A single dose of the Pfizer vaccine appears to cut the risk of Covid transmission by three quarters, research by Cambridge University suggests.

Scientists said the findings were "dramatic" and showed that vaccines offered a way out of lockdown and "a much brighter future".

The study involved almost 9,000 hospital workers who were screened for Covid in January, meaning that cases could be detected whether or not symptoms were showing.

It found that 0.8 per cent of tests from unvaccinated workers were positive, compared with just 0.2 per cent of those who had been vaccinated at least 12 days before. A similar reduction was seen among those with symptoms of the virus when people given the jab were compared with those who had yet to receive it.

But the impact shown on asymptomatic cases is particularly significant because it suggests the vaccines are blocking virus transmission.

Dr Mike Weekes, an infectious disease specialist at CUH and the University of Cambridge's Department of Medicine, who led the study, said: "This is great news – the Pfizer vaccine not only provides protection against becoming ill from SARS-CoV-2 but also helps prevent infection, reducing the potential for the virus to be passed on to others.

"This will be welcome news as we begin to plot a roadmap out of the lockdown, but we have to remember that the vaccine doesn't give complete protection for everyone. We still need social distancing, masks, hand hygiene and regular testing until the pandemic is under much better control."

Dr Nick Jones, the first author on the study and an infectious diseases registrar at Cambridge University Hospital said: "Our findings show a dramatic reduction in the rate of positive screening tests among asymptomatic healthcare workers after a single dose of the Pfizer-BioNTech vaccine.

"This is fantastic news for both hospital staff and patients, who can be reassured that the current mass vaccination strategy is protecting against asymptomatic carriage of the virus in addition to symptomatic disease, thereby making hospitals even safer places to be."

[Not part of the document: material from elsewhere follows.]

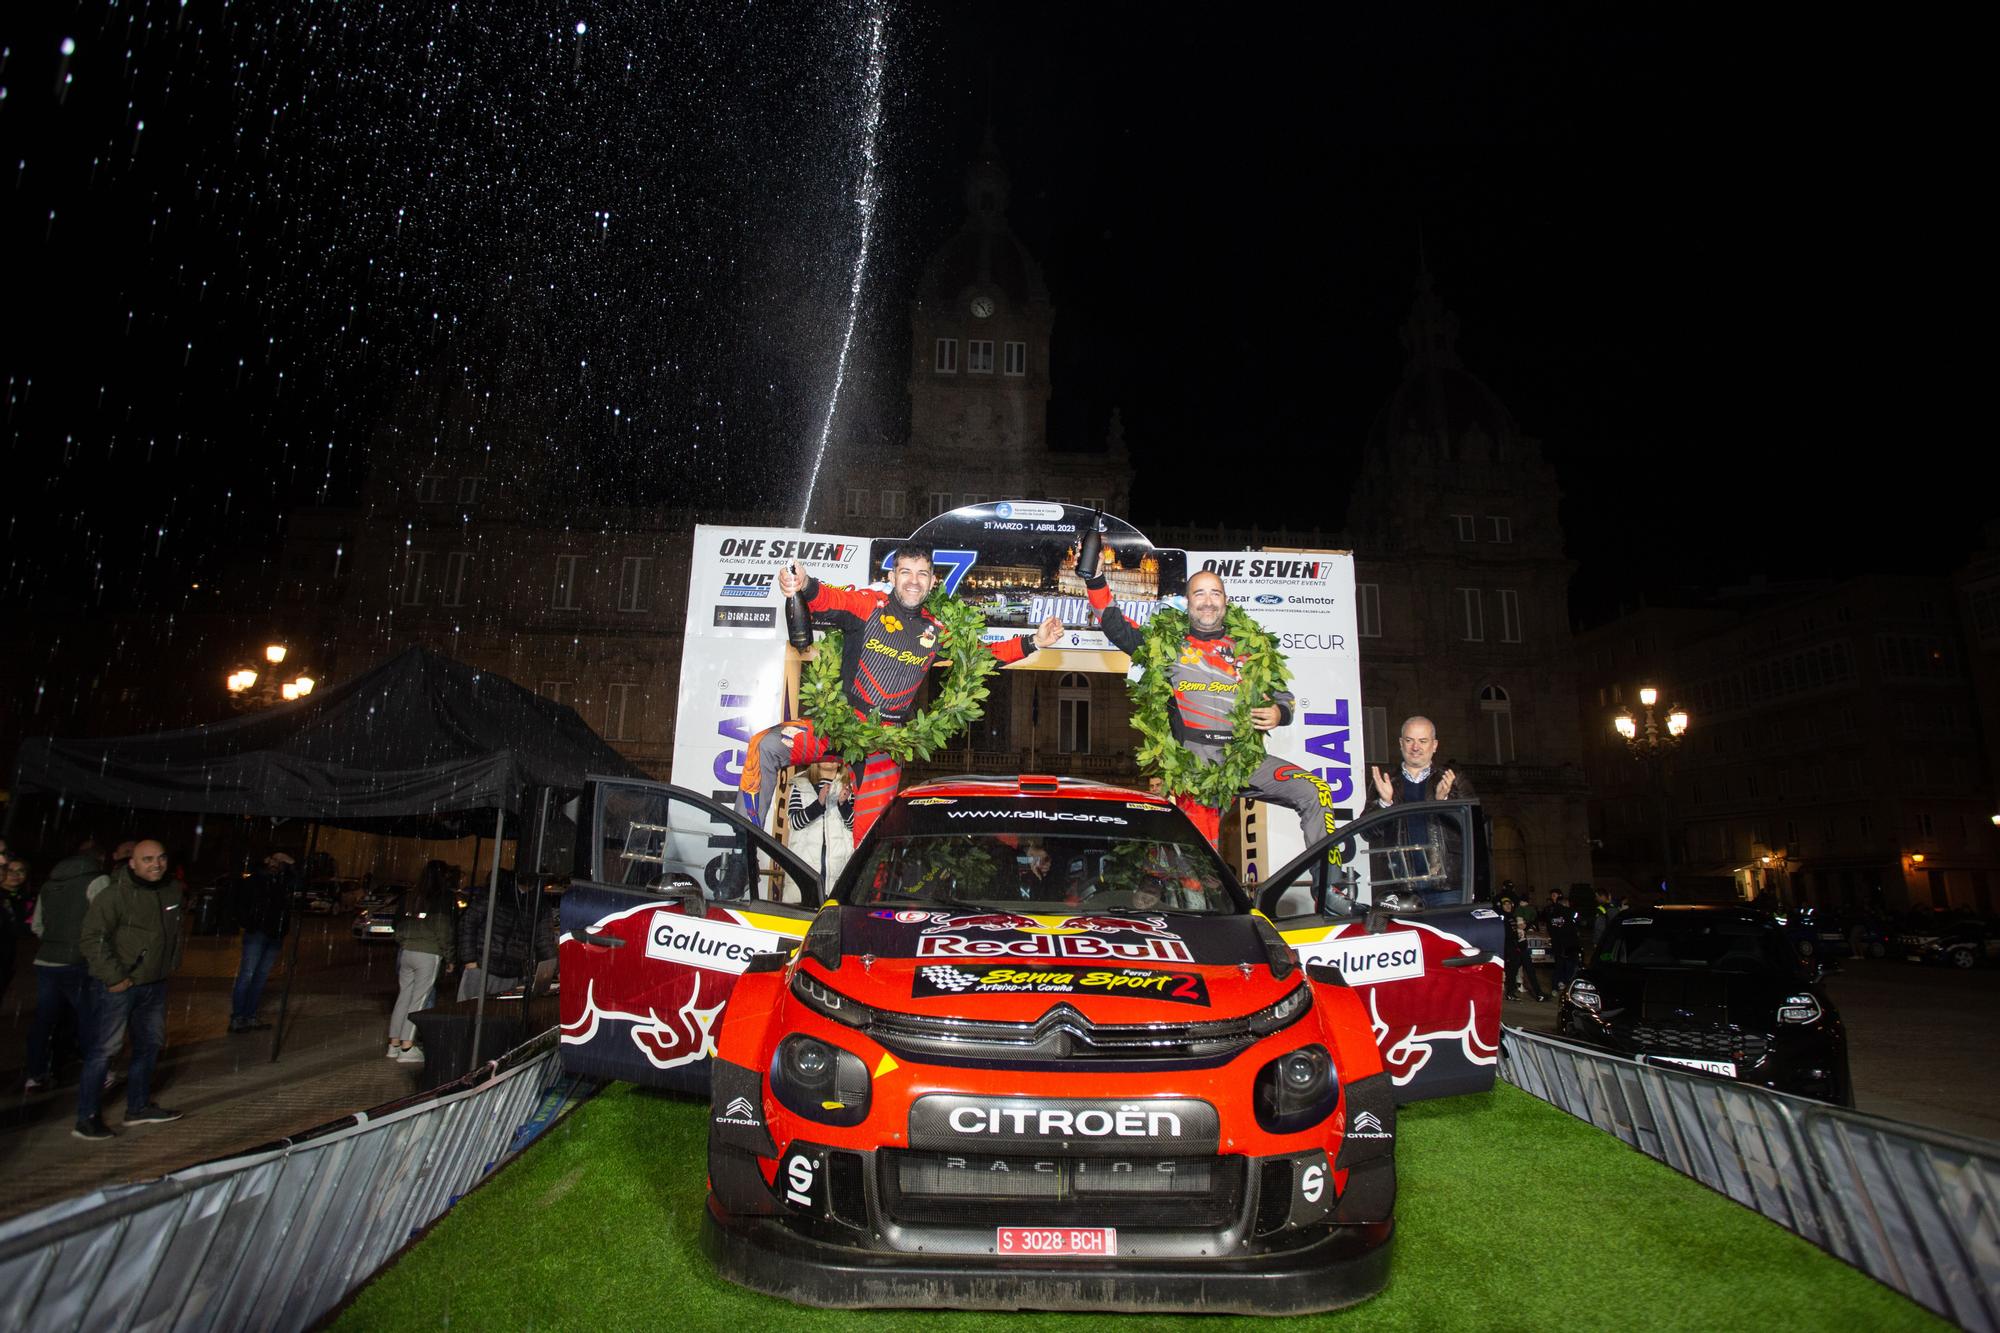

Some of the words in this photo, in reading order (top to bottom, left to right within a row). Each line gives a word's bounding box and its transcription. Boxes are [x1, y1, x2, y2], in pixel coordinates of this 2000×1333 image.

Jonathan Ball, Professor of Molecular Virology at the University of Nottingham, said: "To see such a reduction in infection rates after a single dose of the Pfizer vaccine is very impressive and shows that vaccination truly does offer a way out of the current restrictions and a much brighter future.

"It will be important to understand whether the reduced risk of infection played out across all the exposure risk groups included in the study, but nonetheless this is still excellent news."

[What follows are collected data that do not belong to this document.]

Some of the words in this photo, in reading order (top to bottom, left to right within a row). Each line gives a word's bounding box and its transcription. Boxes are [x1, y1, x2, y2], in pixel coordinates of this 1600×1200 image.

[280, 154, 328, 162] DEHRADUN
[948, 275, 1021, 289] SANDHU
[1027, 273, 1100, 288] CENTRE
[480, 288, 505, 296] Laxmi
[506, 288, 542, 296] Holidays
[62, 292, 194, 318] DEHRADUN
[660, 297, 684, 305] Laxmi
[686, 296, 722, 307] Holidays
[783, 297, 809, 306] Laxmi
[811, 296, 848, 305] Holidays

The findings, which have yet to be peer reviewed, follow a host of positive findings on the effectiveness of the vaccines. Earlier this week, data from Scotland showed that one dose of the AstraZeneca jab reduced hospitalisations by 94 percent, with a drop of 85 per cent for those given the Pfizer jab.

Research from Public Health England (PHE) involving healthcare workers showed that one dose of Pfizer was enough to cut infections by between 57 and 70 per cent. PHE's experts said it was likely to mean a similar impact on transmissions, and that early data on the Astra Zeneca jab showed the same trends.

The new study by a team at Cambridge University Hospitals NHS Foundation Trust and the University of Cambridge analysed results from thousands of Covid tests carried out each week as part of its screening programmes on hospital staff who showed no signs of infection.

Vaccination for healthcare workers on the Cambridge University Hospitals site began on Dec 8, with mass vaccination from Jan 8. During a two-week period between Jan 18 and 31, the team screened similar numbers of vaccinated and unvaccinated staff using around 4,400 PCR tests per week.

When the team included symptomatic healthcare workers their analyses showed similar reductions, with 1.71 percent of unvaccinated healthcare workers testing positive compared with 0·40 per cent of those who had received a jab at least 12 days before.